タッチや触れるという意味の「さわり」ではなく、主として物語や楽曲に言及する時の「さわり」について取り上げたい。と言うのも、意味を間違って理解している人が半数を上回ると知ったからだ。
ぼくが見た資料には「誤用」と書いてあったが、さわりということばを使おうとする人はあまり間違わないと思う。自分で使ったことがなく、もっぱら見聞きする側にいて何となくわかったような気になる人が「誤解」しているのではないか。

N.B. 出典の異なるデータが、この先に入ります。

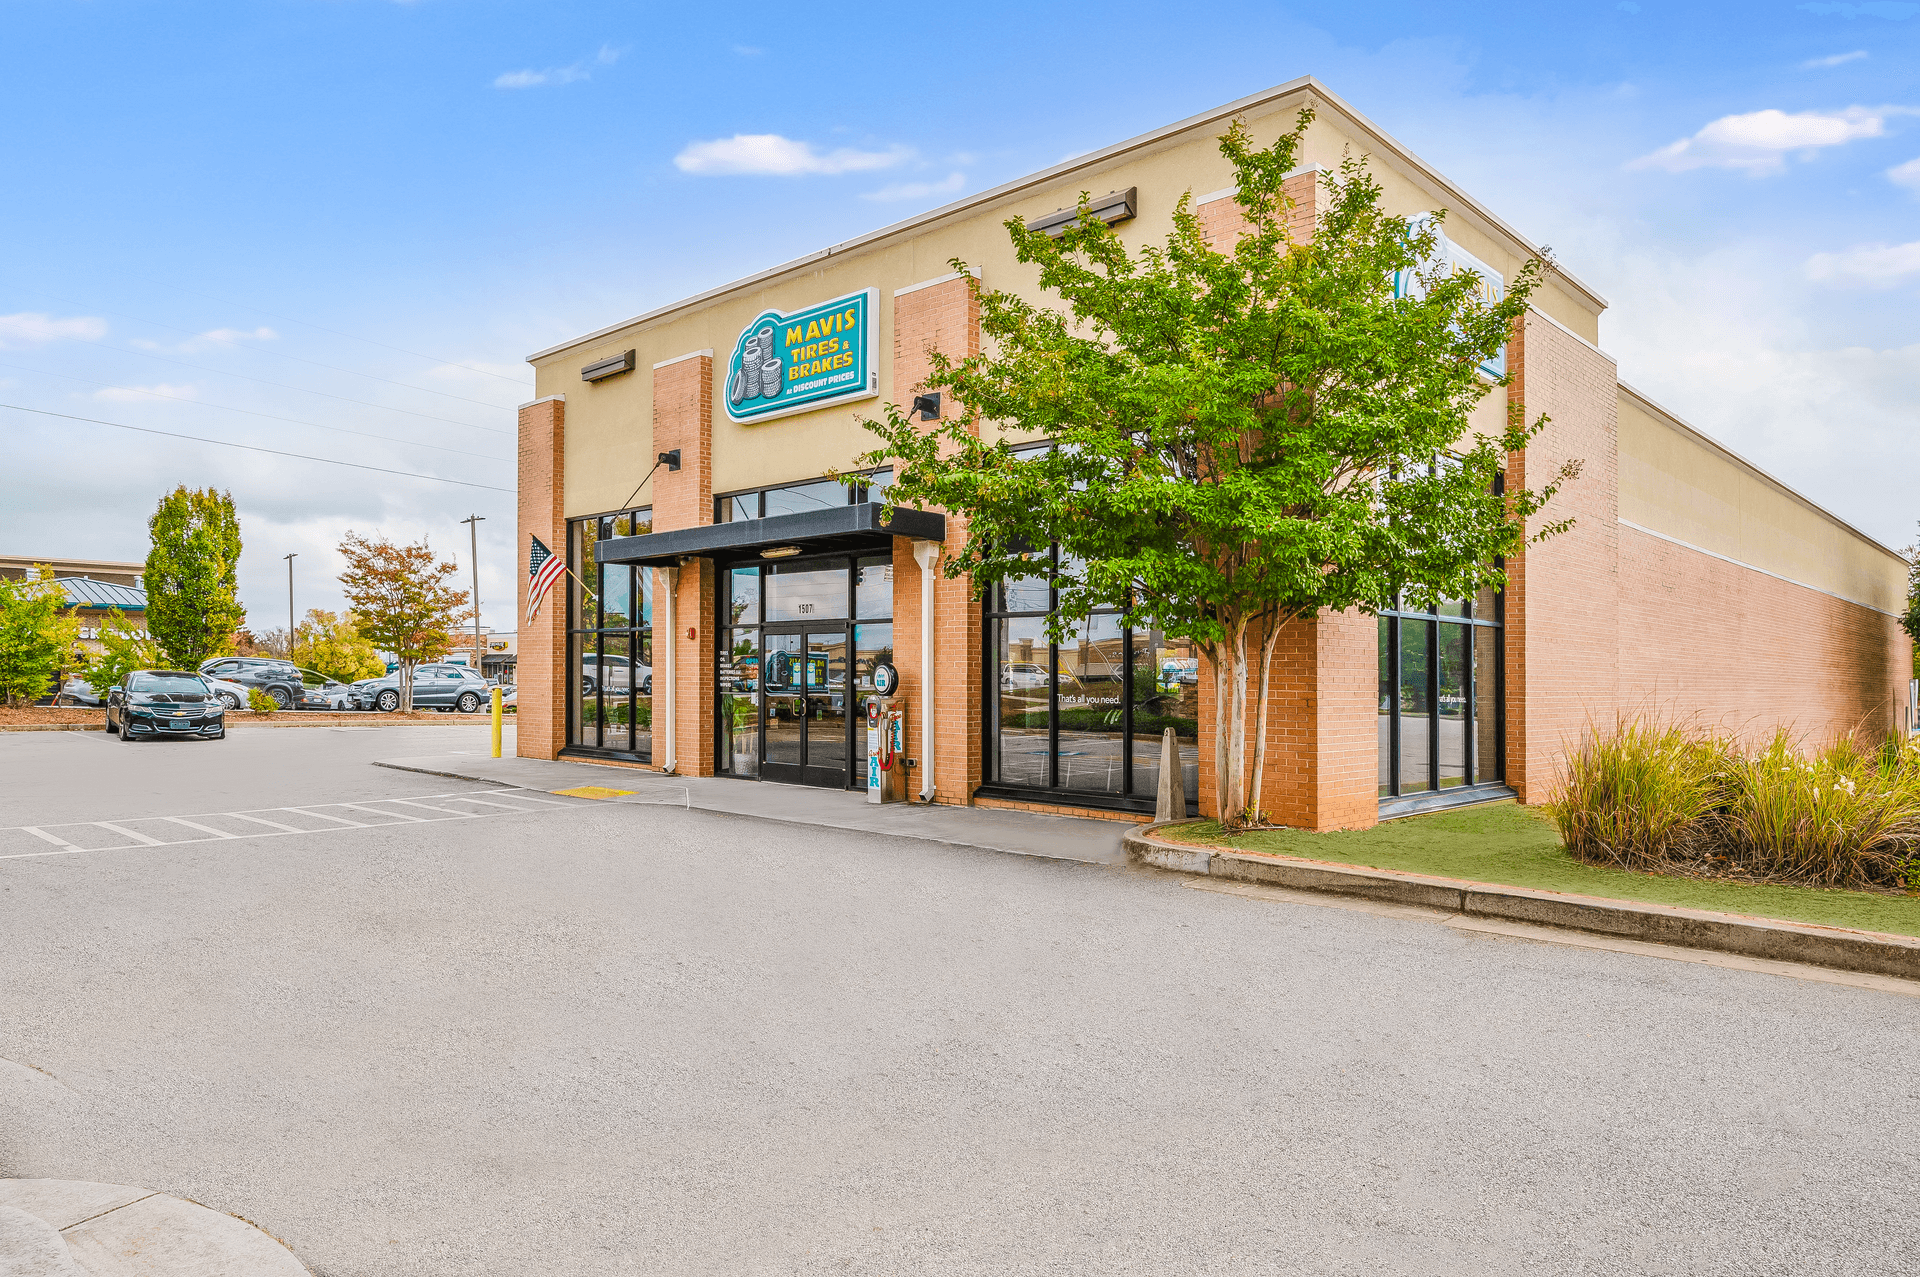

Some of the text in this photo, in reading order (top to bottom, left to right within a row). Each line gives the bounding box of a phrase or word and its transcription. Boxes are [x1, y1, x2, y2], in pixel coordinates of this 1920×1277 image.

[785, 308, 856, 348] MAVIS
[791, 337, 850, 363] TIRES &
[788, 351, 853, 381] BRAKES
[793, 377, 828, 393] DISCOUNT
[828, 370, 855, 384] PRICES
[798, 603, 813, 614] 1507
[1057, 693, 1077, 703] That's
[1086, 696, 1100, 706] you
[1100, 694, 1122, 705] need.
[869, 756, 880, 788] AIR
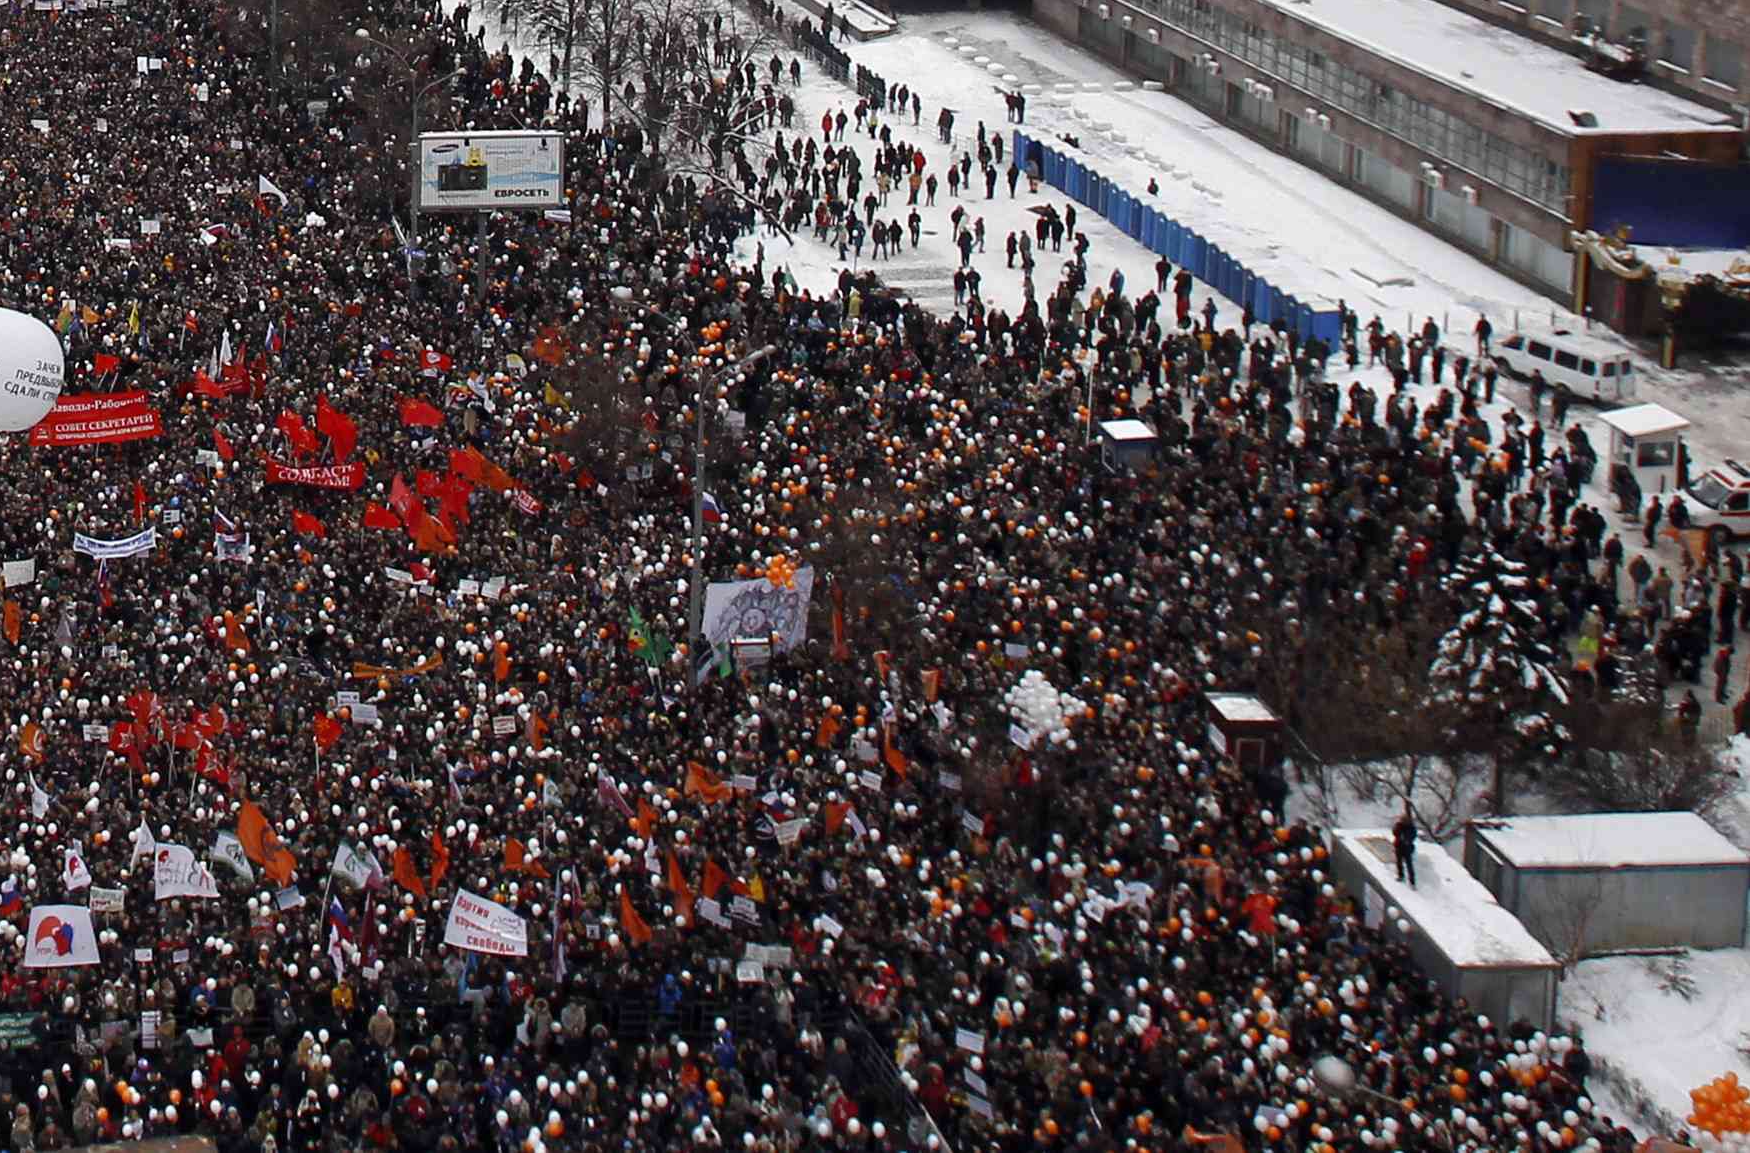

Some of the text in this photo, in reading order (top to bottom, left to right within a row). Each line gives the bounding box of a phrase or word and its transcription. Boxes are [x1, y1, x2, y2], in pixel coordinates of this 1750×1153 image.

[494, 189, 550, 198] ЕВРОСЕТЬ
[4, 381, 41, 399] СДАЛИ
[55, 422, 88, 432] СОВЕТ
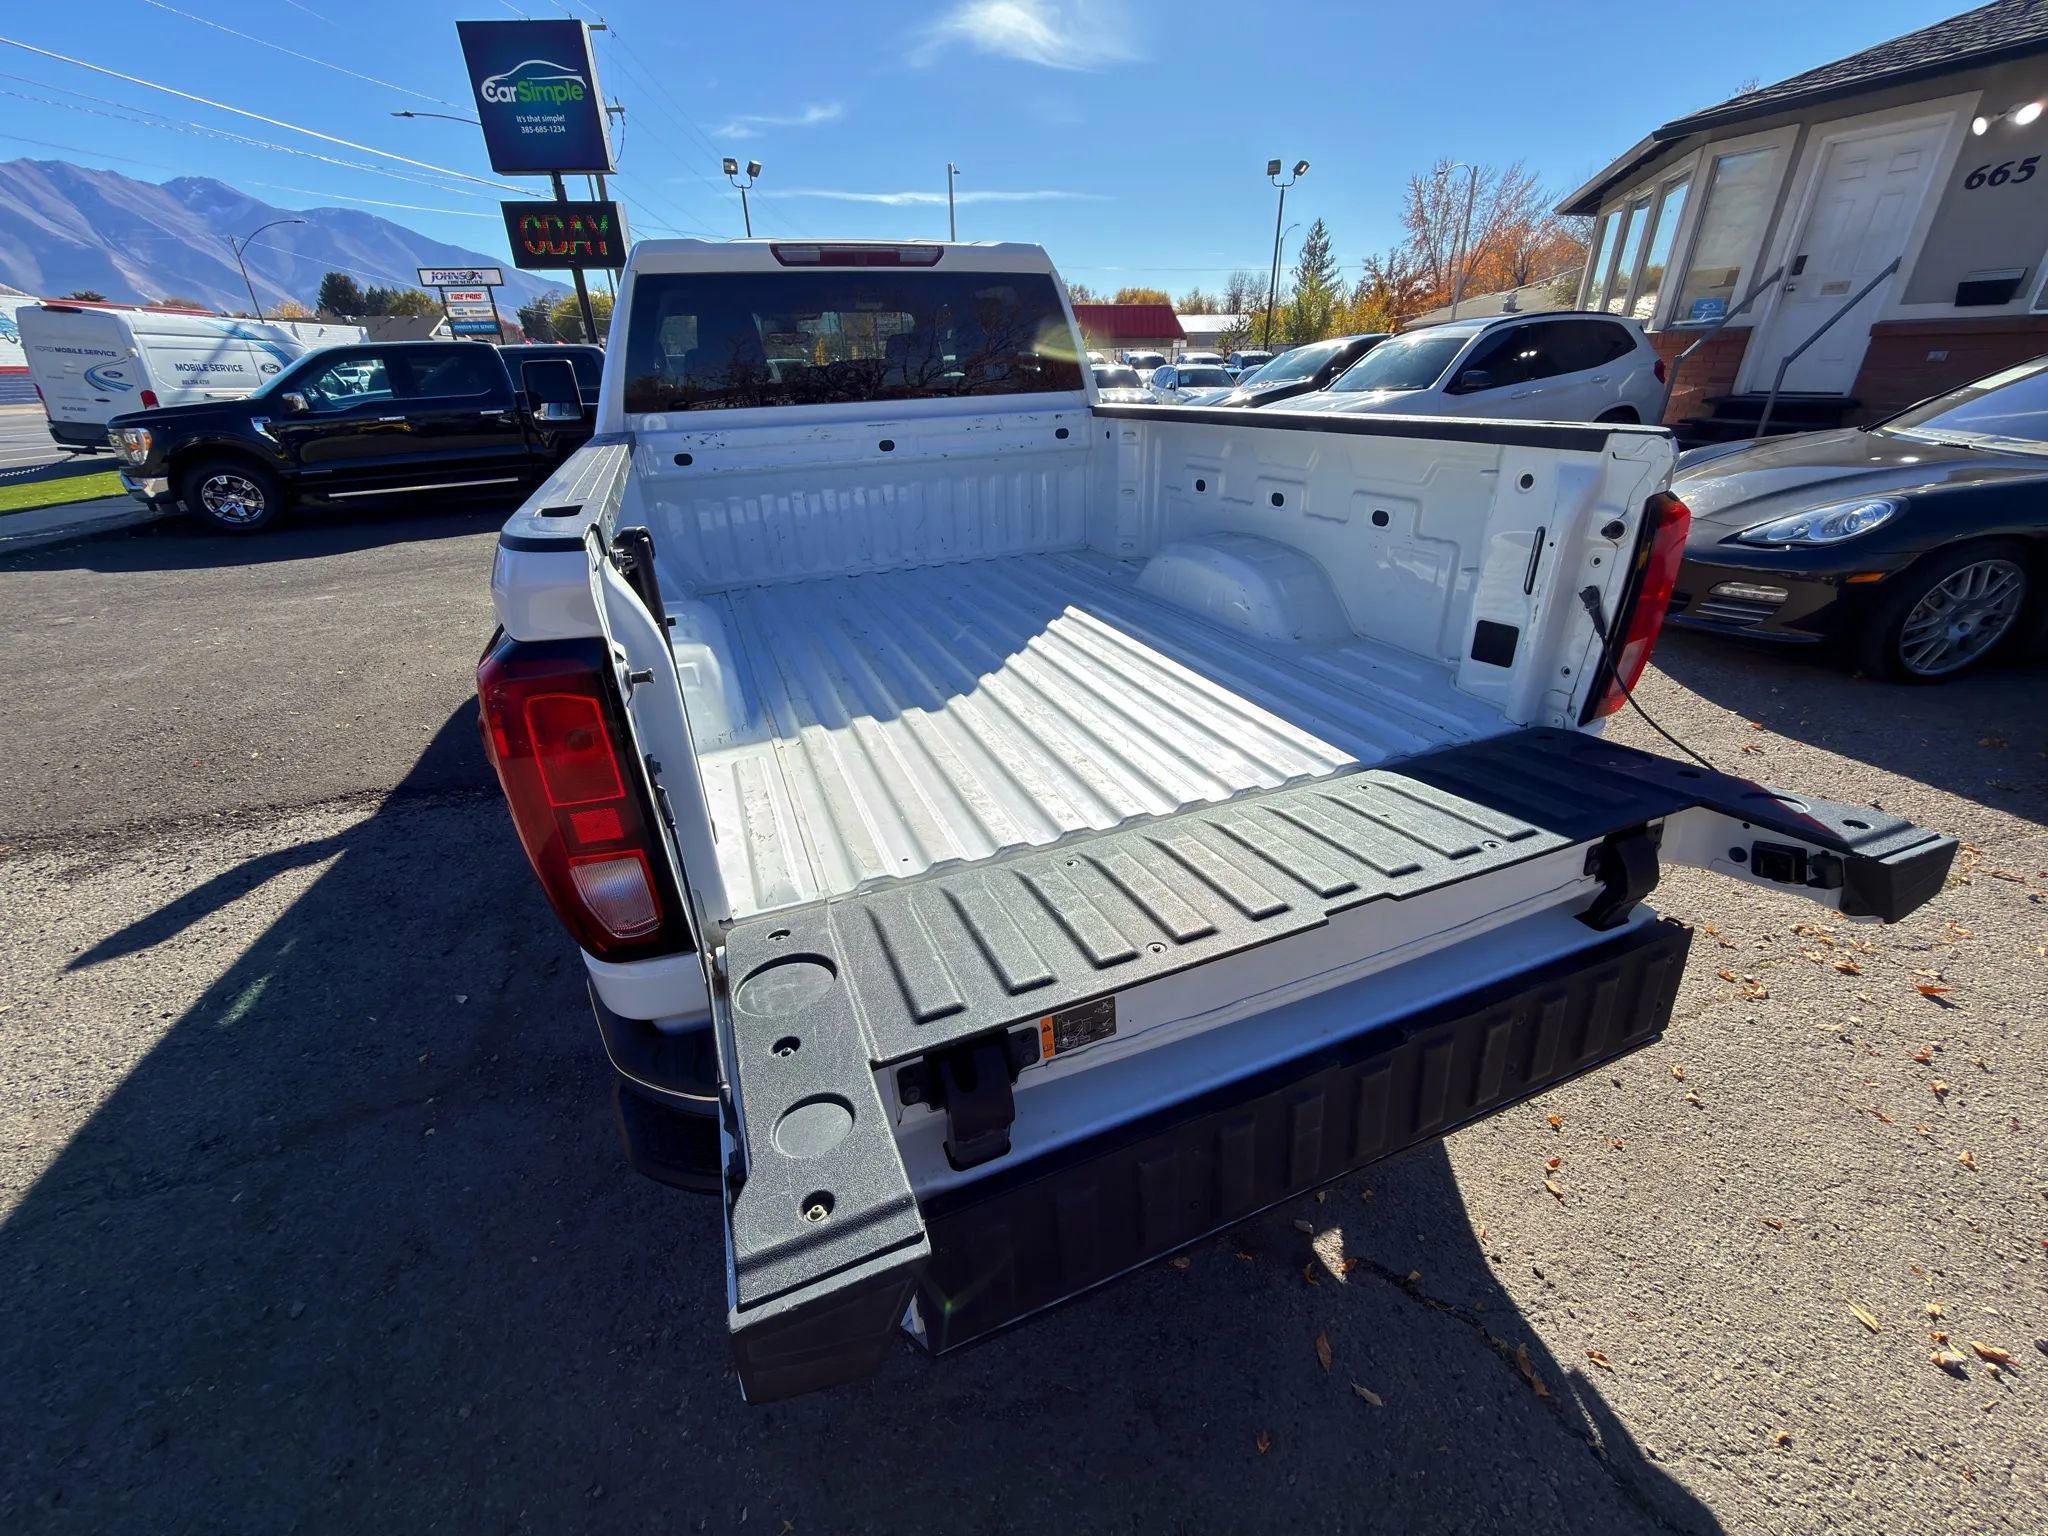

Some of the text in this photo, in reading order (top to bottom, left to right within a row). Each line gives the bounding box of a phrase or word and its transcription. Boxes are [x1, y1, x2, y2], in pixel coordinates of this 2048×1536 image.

[481, 80, 584, 106] CarSimple
[516, 114, 566, 123] It's that simple!
[521, 126, 566, 134] 385-685-1234
[1964, 154, 2042, 190] 665
[54, 346, 82, 354] MOBILE
[83, 349, 117, 357] SERVICE
[175, 363, 244, 372] MOBILE SERVICE

ずいぶん前の話だが、企業の情報誌に「ほんのさわり」というタイトルの書評コラムがあった。「本の」ではなく「ほんの」と表記したために、「ちょっとした」という意味に取られたようだ。「本のちょっとしたさわり」と読めば、簡単な要約か最初の書き出しのように思うのも無理はない。さわりもちょっと触れるという感じだから、なおさらである。
「さわり」とは出だしやイントロのことではない。物語や楽曲の一番感動的で興味をそそるハイライトのことである。物語なら読ませどころ、楽曲なら聞かせどころ、そして舞台なら見せどころである。曲のサビや物語のクライマックスがさわり。にもかかわらず、「では、ほんのさわりだけ、少し」というような言い方をするから、クライマックスのことだとは思えないのだろう。
さわりは浄瑠璃由来なので、それに類するような朗読、音楽、演劇、講演には使える。1時間のうち半時間がさわりということはおそらくないので、たとえば「通常1時間の講演ですが、今日はさわりだけ10分で」という使い方になる。
さわりを比喩的に使う例はあまり見聞きしたことがない。「本日の晩餐、コース料理のさわりは……」などとは言わない。和食でも洋食でも「さわりの一皿」は主菜に決まっているから、わざわざ比喩として使う出番はほとんどない。